Two wrongs make a right? Caroline reporting to Jenny on her plan to get it all wrong today.
Caroline and I were sitting on my porch Sunday, talking about what we needed to do. I have a manuscript I want to submit. She has a short story she can send out. But once again, I found myself bogged down–paralyzed, really: Was my query letter/email perfect? What comparison could I draw to books already out there? What was my snappy one-line summation of my work?
We were back at that same place….trying to get everything right…so getting nothing submitted at all.
Then somehow it hit us.

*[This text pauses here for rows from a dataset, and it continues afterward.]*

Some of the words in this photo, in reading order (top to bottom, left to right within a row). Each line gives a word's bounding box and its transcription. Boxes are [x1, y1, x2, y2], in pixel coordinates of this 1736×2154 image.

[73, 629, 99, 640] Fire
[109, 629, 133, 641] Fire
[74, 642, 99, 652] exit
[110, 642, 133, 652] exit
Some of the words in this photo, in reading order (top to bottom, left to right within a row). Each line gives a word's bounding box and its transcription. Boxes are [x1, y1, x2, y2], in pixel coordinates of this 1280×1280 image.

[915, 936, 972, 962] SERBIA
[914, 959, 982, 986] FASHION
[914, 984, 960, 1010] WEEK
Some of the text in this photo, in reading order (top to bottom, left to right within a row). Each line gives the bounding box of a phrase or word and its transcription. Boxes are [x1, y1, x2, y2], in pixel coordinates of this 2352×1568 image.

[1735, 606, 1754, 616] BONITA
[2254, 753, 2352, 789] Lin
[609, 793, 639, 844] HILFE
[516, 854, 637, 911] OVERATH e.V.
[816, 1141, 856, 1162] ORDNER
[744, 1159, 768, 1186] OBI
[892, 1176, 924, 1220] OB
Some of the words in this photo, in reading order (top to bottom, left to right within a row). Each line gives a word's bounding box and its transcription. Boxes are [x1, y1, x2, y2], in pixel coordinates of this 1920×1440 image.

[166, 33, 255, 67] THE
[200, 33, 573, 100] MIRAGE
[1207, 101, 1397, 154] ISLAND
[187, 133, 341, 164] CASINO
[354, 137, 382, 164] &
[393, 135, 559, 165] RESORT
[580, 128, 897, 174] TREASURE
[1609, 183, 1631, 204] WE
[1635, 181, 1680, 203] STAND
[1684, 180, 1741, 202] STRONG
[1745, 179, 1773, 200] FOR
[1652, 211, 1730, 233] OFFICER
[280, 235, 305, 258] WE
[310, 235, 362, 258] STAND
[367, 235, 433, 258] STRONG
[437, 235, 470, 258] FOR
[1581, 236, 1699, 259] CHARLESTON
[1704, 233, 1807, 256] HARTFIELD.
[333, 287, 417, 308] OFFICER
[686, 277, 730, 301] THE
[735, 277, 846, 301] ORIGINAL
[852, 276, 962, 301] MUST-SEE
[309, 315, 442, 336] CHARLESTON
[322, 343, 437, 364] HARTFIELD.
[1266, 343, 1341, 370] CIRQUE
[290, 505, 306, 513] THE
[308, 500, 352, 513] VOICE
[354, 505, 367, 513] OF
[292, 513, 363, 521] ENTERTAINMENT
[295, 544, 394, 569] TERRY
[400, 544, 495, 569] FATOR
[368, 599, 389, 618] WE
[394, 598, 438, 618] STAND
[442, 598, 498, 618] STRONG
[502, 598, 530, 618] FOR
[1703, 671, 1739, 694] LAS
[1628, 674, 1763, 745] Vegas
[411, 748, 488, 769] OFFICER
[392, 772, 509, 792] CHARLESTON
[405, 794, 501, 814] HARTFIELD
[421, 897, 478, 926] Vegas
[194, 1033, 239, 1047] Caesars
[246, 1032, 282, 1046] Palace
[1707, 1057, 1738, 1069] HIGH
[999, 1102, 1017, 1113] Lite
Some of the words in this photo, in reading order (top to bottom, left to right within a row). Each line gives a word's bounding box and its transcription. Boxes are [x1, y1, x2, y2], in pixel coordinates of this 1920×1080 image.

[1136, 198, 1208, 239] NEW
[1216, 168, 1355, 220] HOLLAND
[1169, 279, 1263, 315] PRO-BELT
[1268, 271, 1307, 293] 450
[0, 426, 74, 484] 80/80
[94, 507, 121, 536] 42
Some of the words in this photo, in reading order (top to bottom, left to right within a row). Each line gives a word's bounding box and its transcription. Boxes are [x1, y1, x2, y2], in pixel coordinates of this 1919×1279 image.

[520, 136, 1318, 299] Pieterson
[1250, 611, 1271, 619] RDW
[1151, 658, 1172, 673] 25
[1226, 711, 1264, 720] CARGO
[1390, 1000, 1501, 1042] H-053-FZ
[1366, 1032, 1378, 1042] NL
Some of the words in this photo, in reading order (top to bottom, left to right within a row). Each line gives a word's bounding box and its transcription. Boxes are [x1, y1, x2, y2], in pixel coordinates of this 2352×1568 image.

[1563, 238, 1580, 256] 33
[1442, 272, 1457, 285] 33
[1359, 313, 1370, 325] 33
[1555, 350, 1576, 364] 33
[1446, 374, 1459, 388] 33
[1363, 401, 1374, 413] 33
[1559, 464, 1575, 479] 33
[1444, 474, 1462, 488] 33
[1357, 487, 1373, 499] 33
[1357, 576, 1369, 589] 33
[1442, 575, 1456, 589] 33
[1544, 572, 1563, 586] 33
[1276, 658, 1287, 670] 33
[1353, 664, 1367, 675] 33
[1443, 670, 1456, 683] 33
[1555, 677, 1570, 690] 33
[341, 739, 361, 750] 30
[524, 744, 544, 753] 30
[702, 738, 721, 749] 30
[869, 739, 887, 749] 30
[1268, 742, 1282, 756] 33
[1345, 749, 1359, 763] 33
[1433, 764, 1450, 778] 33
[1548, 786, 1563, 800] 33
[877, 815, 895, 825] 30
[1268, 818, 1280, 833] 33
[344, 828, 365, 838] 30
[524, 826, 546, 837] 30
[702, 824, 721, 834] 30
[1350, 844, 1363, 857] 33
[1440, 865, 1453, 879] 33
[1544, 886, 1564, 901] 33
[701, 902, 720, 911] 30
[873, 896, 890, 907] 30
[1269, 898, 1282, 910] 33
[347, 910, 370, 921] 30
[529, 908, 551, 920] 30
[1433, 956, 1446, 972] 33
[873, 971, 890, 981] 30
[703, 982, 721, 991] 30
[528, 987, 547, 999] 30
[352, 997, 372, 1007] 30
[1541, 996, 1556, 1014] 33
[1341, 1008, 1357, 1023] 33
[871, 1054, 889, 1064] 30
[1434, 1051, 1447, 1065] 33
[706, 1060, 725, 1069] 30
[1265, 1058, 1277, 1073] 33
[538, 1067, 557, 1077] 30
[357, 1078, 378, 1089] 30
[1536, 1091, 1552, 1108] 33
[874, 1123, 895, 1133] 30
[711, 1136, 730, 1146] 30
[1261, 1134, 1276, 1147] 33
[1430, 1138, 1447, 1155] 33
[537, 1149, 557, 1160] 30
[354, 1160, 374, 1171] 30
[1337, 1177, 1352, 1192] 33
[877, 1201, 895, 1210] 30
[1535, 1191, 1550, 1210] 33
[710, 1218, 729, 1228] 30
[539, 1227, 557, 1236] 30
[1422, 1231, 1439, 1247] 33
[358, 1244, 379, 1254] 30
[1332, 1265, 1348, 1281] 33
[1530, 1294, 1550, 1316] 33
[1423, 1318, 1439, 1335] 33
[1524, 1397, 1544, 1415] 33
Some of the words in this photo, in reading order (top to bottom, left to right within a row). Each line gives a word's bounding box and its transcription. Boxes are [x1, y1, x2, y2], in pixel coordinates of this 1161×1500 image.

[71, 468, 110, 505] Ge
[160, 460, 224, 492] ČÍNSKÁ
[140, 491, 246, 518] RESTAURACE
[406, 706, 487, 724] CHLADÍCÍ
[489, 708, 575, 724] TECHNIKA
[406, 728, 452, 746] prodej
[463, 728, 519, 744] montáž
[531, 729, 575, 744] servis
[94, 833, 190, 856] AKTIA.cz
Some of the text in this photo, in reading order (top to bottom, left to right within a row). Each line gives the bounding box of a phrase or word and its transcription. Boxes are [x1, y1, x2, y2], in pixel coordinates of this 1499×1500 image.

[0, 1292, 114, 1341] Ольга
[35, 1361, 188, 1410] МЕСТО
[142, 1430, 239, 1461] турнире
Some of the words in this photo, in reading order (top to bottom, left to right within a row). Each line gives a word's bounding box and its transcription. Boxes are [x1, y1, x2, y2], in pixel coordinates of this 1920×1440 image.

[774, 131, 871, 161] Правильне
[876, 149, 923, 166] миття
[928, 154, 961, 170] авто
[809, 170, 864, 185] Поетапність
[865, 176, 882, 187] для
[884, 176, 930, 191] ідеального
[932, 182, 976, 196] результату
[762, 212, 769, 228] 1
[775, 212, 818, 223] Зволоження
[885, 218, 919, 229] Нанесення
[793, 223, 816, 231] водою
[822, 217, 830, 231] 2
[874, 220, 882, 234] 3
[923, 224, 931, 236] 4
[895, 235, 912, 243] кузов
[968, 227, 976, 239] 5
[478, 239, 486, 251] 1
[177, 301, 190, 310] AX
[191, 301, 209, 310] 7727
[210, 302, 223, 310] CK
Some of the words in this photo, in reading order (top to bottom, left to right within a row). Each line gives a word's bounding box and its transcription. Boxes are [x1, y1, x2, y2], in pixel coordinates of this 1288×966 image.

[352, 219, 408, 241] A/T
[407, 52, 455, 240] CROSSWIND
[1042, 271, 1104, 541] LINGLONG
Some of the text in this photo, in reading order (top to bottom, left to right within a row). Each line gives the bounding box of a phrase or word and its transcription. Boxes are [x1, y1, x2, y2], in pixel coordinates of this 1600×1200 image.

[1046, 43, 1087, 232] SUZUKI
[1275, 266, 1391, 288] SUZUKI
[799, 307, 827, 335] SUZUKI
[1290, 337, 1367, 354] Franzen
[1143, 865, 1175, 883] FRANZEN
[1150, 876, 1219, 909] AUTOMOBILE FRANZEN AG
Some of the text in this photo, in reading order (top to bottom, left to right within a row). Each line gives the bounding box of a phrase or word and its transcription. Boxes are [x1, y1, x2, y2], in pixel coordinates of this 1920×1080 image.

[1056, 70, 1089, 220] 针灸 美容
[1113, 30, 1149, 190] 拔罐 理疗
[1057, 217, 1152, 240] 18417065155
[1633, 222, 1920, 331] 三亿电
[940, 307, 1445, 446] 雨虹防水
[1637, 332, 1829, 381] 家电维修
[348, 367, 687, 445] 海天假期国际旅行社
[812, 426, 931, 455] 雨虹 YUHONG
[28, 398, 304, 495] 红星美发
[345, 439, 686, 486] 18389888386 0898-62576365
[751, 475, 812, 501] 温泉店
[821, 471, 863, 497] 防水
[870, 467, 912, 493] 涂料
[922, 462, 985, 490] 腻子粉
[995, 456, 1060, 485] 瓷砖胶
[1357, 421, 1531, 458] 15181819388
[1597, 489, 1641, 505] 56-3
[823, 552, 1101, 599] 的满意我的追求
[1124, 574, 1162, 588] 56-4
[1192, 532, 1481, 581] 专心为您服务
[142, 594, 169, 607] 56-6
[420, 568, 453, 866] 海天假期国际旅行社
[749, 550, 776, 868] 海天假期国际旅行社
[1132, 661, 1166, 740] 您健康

We would make Tuesday–today–a day to get it all wrong.
We’d send what we have, making our best yet imperfect effort to submit. Heck, maybe we’d do something wrong ON PURPOSE. Whatever. Just get the thing out the door.
I don’t know why we haven’t done this before. As a big-time women’s basketball fan, I thought of basketball as an analogy this morning when I was lacking courage to be a flop.
Would a young girl–say a Tiffany Mitchell–play basketball secretly in her driveway day after day, working to be WNBA calibre and never try out for rec league or a high school team? Would she wait until she was the best of the best to even try to get in the game?
Of course not. It’s important to try out, to get feedback, to play at the level you’re ready to play at today if you’re going to ever play at a higher lever tomorrow. Isn’t it?
I decided to answer yes and use it as another way to psych myself up to write that no-doubt-flawed email to a literary agent who may or may not be the right person to contact.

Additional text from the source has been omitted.